The humor here is broader than in the other book. The double entendres fly fast and furious, especially ones drawn from the framed communist slogans that are found in every room, including the bed chamber. These are so well done, that it may seem to the dazzled reader as if the Quotations from Chairman Mao is the second volume of the Kama Sutra.
To give you a taste of the humor, I refer you to the seduction scene. As first, the hero rebuffed Liu’s advances, but, the next day, thinking better of it (in consideration of the possible chances for advancement), he tries to make it up to her. He promises to serve the people;
“And how exactly do you propose to Serve the People?” she asked.
“However you want me to.”
“Run naked three times around the drill ground.”
He looked up at her, unsure whether she was playing with him, or seriously testing the sincerity of his pledge. … His hand travelled up to his collar.
“Serve the people,” she said. “Take it off.”
Off came his jacket, the buttons popping one by one, revealing an undershirt emblazoned with the message Serve the People!

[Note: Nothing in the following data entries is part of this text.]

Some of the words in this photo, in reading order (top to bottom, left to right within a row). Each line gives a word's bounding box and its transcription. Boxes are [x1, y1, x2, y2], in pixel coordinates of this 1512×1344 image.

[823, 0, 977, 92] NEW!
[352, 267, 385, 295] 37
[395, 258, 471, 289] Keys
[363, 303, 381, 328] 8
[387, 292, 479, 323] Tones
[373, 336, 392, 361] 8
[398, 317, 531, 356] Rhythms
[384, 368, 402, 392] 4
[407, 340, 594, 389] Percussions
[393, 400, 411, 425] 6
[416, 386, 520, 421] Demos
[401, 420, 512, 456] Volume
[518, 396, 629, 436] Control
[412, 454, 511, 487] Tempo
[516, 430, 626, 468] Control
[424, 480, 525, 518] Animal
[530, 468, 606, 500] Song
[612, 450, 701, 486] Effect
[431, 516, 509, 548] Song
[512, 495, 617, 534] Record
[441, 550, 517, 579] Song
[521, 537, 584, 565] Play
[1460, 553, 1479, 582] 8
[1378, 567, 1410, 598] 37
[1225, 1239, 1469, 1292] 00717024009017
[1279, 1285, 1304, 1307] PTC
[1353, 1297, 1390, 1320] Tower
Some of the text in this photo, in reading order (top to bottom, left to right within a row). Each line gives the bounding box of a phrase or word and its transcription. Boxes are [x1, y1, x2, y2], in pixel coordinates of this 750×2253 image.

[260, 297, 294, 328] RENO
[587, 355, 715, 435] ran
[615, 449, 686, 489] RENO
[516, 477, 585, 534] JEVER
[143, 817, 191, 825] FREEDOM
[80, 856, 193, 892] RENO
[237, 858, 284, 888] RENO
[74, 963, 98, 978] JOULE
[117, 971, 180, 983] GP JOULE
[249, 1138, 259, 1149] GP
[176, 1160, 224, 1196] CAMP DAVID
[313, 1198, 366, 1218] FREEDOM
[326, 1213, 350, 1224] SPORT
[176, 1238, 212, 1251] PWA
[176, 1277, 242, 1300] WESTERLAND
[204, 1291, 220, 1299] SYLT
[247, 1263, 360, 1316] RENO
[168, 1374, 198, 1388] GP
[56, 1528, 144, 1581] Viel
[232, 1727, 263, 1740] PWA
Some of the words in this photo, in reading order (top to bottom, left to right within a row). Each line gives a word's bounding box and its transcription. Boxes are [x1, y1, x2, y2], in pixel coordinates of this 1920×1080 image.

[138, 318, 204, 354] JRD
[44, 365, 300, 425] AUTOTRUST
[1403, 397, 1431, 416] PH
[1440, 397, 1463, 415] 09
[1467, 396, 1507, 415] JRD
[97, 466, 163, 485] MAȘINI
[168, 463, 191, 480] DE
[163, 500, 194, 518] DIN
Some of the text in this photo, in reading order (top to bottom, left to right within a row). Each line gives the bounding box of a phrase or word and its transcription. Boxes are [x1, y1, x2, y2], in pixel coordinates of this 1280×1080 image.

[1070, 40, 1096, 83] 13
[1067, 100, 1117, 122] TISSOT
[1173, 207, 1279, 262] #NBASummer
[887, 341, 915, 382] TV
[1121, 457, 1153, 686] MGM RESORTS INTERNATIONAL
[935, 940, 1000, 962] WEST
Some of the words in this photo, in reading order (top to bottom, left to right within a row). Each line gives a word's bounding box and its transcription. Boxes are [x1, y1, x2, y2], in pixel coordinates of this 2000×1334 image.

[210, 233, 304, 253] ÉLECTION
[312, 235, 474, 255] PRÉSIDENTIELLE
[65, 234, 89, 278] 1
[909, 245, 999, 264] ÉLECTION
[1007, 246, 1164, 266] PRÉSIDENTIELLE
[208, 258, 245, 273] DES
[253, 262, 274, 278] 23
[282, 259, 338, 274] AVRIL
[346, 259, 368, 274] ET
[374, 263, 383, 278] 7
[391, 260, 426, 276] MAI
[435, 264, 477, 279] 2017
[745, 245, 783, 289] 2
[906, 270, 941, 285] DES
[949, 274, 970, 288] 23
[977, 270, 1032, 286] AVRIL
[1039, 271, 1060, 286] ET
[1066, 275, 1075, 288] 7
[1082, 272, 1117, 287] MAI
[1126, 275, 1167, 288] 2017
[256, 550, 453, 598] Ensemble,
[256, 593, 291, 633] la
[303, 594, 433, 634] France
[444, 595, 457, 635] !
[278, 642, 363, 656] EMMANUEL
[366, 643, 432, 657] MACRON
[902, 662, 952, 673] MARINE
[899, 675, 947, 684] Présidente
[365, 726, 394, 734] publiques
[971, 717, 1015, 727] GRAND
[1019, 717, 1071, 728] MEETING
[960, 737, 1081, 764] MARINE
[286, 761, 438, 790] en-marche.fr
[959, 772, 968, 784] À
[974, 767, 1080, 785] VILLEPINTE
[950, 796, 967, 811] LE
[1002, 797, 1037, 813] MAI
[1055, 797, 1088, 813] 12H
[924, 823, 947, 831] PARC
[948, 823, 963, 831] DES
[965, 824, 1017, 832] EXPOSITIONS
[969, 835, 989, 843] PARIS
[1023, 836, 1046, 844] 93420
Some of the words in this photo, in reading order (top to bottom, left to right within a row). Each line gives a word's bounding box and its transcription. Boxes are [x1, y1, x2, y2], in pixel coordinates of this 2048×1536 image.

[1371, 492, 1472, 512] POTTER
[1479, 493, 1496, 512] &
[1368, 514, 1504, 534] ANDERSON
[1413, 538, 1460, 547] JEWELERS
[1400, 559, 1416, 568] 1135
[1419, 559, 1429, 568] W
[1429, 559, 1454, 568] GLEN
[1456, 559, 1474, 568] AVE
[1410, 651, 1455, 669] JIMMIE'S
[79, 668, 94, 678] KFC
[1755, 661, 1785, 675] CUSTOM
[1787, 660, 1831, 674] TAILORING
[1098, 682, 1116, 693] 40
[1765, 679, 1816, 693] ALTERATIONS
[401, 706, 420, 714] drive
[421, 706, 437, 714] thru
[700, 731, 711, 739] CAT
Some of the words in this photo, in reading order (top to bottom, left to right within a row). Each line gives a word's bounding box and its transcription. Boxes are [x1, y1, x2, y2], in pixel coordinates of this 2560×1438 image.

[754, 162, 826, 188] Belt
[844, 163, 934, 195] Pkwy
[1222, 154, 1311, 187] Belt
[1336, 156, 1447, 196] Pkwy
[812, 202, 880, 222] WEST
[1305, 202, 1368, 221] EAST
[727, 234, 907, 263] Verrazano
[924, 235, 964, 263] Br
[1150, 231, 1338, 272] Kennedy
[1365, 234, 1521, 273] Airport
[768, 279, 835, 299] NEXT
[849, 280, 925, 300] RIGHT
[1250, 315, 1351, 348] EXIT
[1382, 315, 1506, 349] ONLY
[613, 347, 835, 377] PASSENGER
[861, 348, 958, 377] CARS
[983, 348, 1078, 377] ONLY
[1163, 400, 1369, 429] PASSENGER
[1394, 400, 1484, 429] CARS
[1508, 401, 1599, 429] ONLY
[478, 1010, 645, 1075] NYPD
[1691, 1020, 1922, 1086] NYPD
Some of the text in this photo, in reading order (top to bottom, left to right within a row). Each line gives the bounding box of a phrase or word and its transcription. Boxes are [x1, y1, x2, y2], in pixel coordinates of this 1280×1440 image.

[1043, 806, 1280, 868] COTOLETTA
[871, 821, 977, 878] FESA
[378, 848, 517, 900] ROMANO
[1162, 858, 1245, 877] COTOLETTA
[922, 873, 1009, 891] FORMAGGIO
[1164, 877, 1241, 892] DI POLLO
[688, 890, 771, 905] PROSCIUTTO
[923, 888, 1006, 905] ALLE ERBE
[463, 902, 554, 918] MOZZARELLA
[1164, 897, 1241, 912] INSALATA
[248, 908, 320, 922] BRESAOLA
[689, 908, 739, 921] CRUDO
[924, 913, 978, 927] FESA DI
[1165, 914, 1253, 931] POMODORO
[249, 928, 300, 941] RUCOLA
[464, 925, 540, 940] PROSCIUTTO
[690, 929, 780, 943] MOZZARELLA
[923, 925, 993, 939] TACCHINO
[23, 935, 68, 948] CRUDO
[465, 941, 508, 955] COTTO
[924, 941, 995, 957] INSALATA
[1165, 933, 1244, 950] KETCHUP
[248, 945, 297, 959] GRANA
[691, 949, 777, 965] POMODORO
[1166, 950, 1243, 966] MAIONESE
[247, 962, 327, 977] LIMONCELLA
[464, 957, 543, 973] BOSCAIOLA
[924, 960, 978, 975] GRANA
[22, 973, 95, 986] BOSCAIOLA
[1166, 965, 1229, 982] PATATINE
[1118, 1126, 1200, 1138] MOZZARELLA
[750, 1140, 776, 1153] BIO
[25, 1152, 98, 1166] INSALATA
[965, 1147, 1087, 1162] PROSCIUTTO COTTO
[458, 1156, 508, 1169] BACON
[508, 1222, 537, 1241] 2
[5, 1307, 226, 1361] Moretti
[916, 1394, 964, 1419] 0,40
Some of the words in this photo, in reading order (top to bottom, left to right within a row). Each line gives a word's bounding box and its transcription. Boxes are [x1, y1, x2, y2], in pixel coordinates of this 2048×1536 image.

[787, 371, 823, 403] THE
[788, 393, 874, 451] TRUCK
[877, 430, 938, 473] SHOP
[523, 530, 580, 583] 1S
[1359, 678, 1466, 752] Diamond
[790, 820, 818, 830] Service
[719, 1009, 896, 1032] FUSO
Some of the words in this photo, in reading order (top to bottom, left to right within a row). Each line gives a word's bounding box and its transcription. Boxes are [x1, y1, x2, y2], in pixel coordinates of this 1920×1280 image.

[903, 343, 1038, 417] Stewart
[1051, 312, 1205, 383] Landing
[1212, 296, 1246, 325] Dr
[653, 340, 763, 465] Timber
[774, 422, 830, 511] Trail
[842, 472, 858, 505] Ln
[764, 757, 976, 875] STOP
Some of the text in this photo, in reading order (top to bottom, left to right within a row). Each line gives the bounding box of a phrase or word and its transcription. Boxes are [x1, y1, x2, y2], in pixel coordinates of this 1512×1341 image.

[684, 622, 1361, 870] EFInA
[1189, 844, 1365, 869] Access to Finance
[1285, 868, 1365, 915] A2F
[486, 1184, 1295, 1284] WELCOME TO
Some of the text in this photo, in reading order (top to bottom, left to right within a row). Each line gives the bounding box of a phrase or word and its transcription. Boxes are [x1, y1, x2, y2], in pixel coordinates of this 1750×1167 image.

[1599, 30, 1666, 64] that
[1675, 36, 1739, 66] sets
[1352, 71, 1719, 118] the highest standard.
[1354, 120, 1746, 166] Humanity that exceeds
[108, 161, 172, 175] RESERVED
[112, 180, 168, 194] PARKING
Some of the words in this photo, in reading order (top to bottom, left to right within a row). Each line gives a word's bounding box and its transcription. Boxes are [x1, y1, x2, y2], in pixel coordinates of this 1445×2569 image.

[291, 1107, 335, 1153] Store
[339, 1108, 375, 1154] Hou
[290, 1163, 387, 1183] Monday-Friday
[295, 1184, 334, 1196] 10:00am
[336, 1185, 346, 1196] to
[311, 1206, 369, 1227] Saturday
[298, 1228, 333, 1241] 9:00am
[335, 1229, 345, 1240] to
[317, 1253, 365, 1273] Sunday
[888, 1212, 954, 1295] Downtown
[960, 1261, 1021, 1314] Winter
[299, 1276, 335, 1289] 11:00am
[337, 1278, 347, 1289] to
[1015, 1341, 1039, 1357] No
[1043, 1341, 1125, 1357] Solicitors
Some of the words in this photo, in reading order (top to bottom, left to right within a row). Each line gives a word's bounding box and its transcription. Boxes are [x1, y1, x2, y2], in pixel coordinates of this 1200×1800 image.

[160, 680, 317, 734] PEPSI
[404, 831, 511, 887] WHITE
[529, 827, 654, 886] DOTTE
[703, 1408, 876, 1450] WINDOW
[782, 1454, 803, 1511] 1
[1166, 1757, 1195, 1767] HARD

“Serve the people,” she said. “Take it off.”
Off came the shirt.
“On you go. Serve the People!”
In sum, judging by these two novels, Yan can turn his hand with equal skill to biting comedy and biting tragedy. In neither case, looking at his subject matter, do the materials seem promising. The AIDS story tempts bathos and tear-jerking while the romance is dealing with a hackneyed, much-tried story, which goes back (in the West) from The Red and the Black to commedia del arte to Meander. Yet, in both cases, Yan makes it new, writing robustly humorous, politically acute, unflinching stories of a society in which nearly everyone, including those with one foot in the grave or in the boudoir, is on the make.